Buying and Selling Your California Home at the Same Time Takes Expertise
The California real estate market is HOT, but with an inventory crunch, buying and selling a home requires strategy. So, what are your options to secure your dream home while selling your current home? Well, we’re here to help!
Make a Contingent Home Sale Offer
A contingent home sale offer is based on the sale and closing of your existing residence, which provides the funds and down payment for your new residence.
The plus side is that if the sale of your current home falls through, it would give you an out on the home you are under contract on.
The downside is that in markets where there is a shortage of inventory (like ours), contingent offers are not ideal for sellers. In a multiple offer situation, this type of offer would likely not be favorable to the seller because it has variables outside of the seller’s control.
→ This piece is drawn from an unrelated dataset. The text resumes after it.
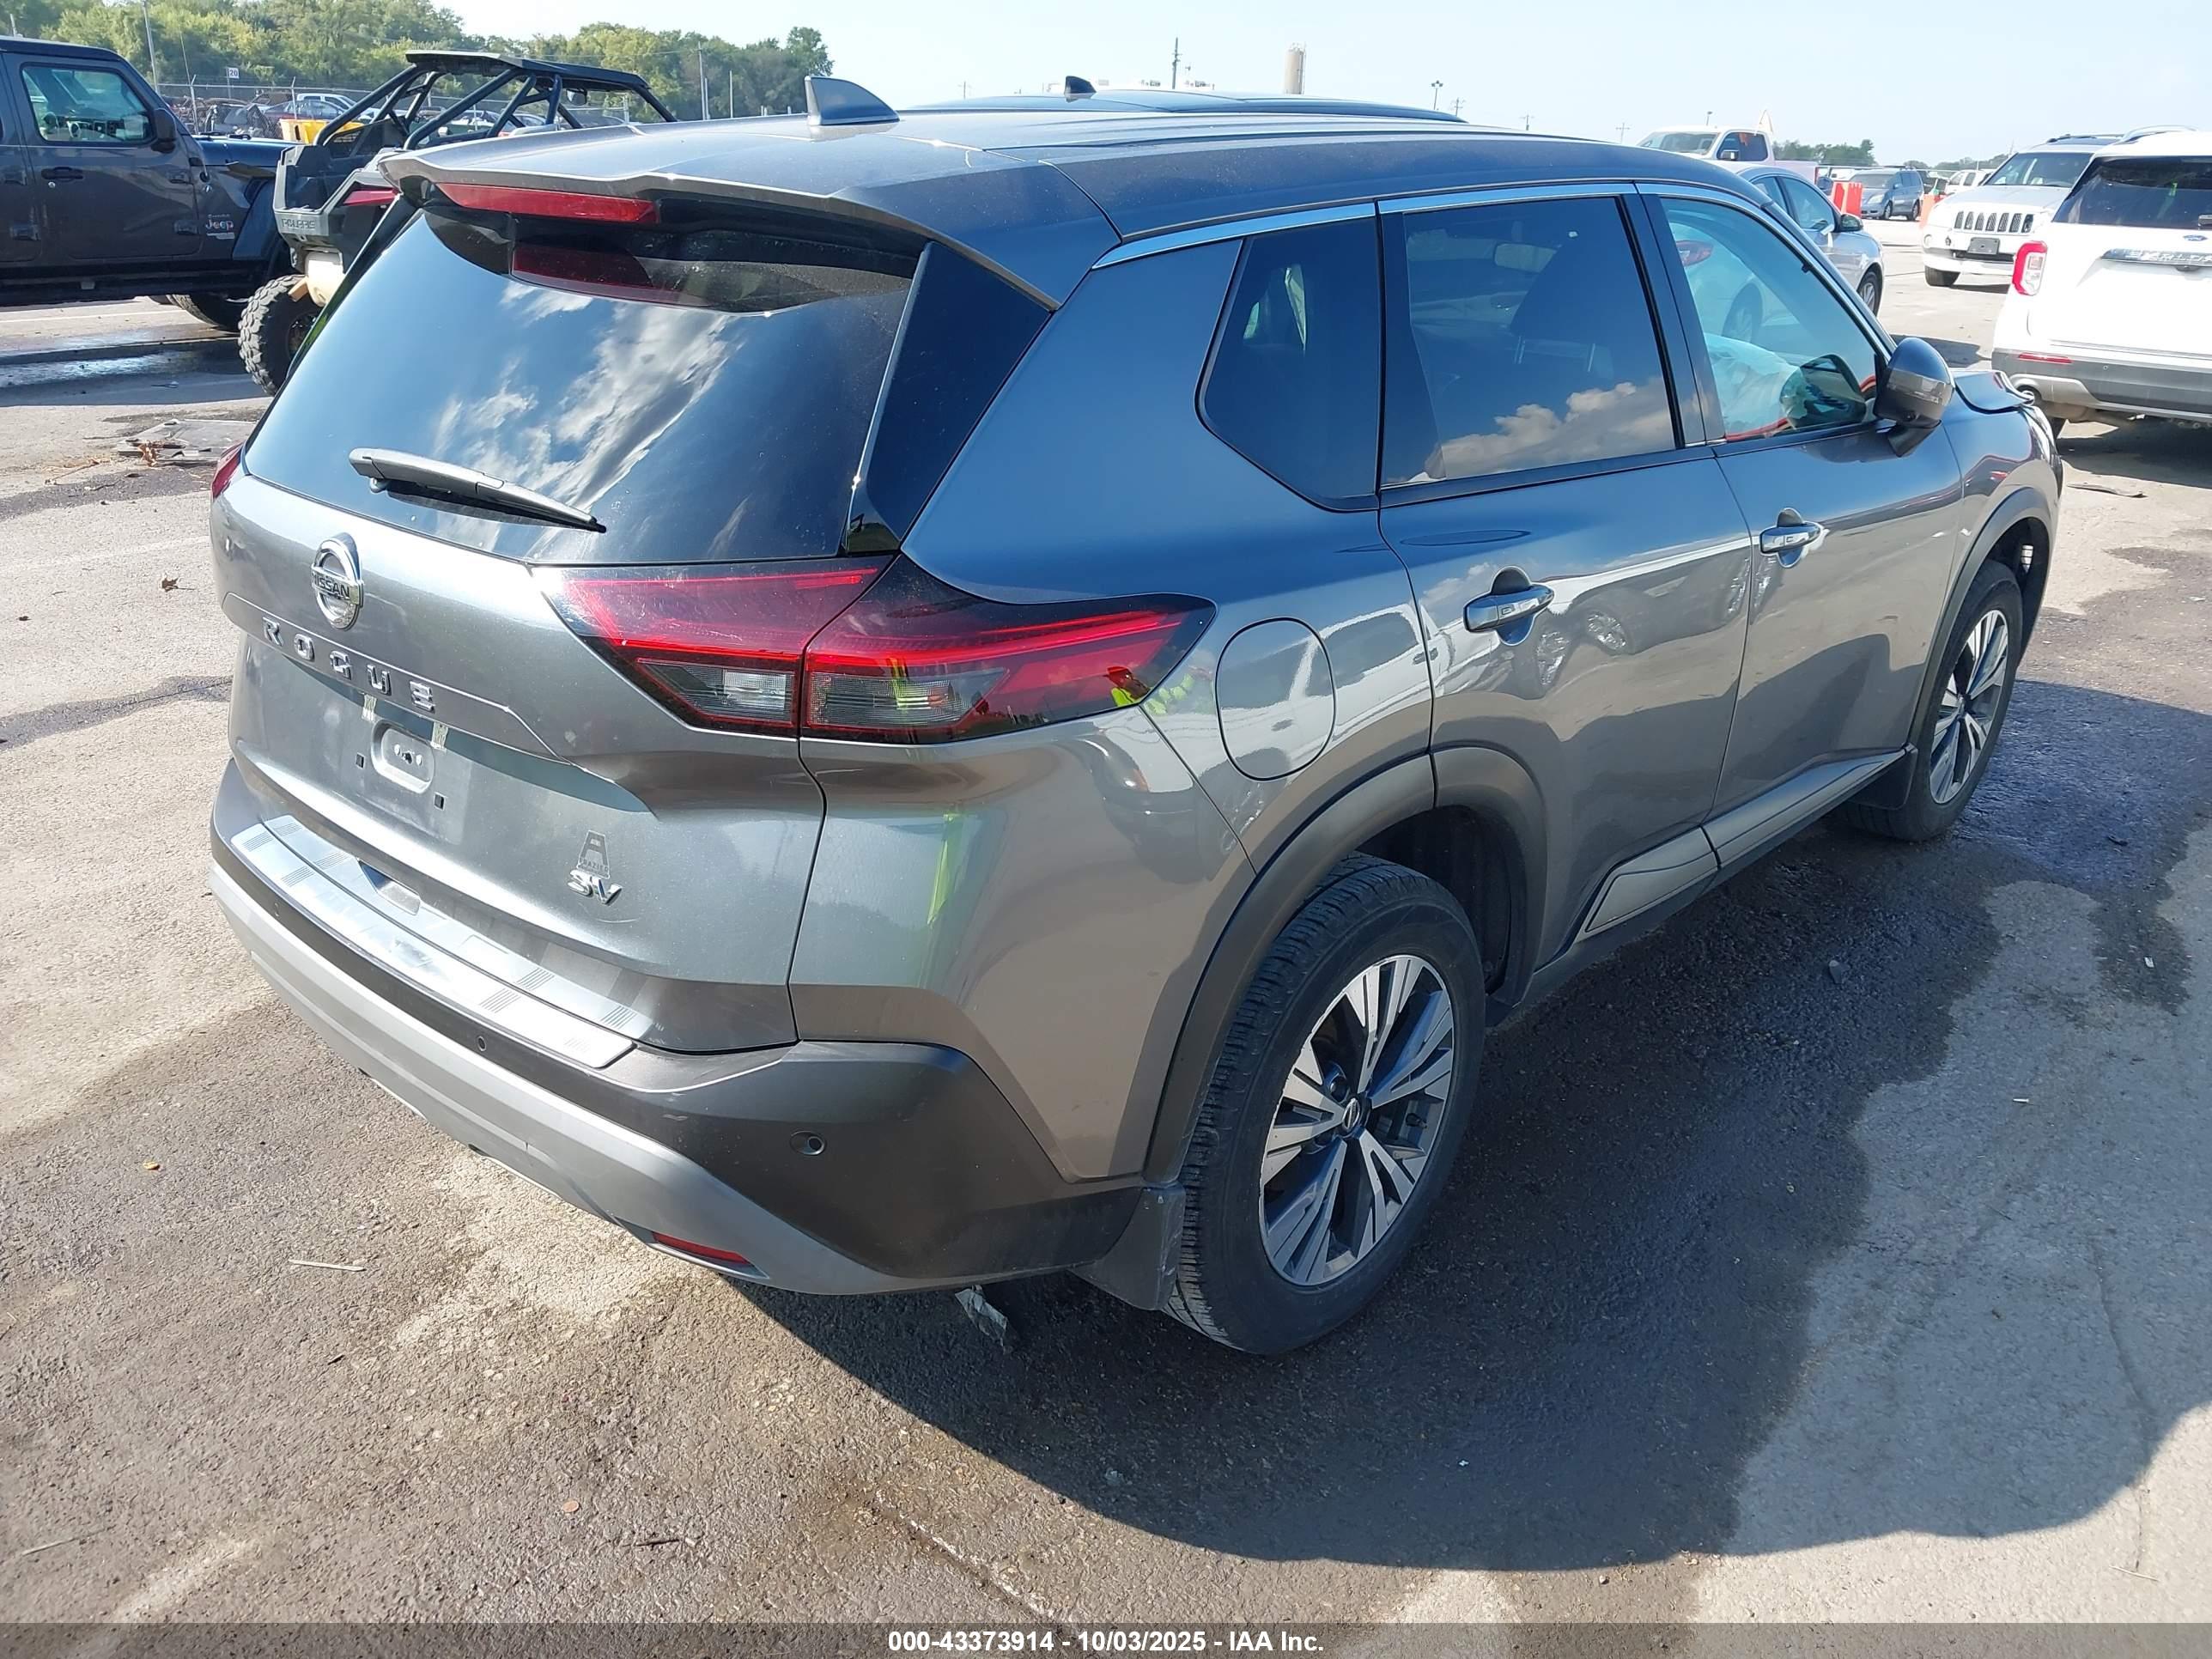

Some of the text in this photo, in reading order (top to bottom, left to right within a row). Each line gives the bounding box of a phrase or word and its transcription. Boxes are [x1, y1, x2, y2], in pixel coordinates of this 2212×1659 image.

Make a Contingent Settlement Offer
With this option, your list your home first and get an offer. Then, you start looking for a home and can put in an offer (even though your first home hasn’t yet closed). You can write in a contingency that the first home needs to settle for you to be able to buy the new home. This works best if you expect to get offers on your first home quickly
Request an Extended Closing
Request an extended closing—which will give you enough time to sell your current home and buy another house. Of course, all parties have to be on board with the extended closing time, so your mileage may vary with this option.
Home Equity Loans
If you don’t want to mess around with contingencies or an extended closing, which require all parties to agree, there are some other financing options we can help you with.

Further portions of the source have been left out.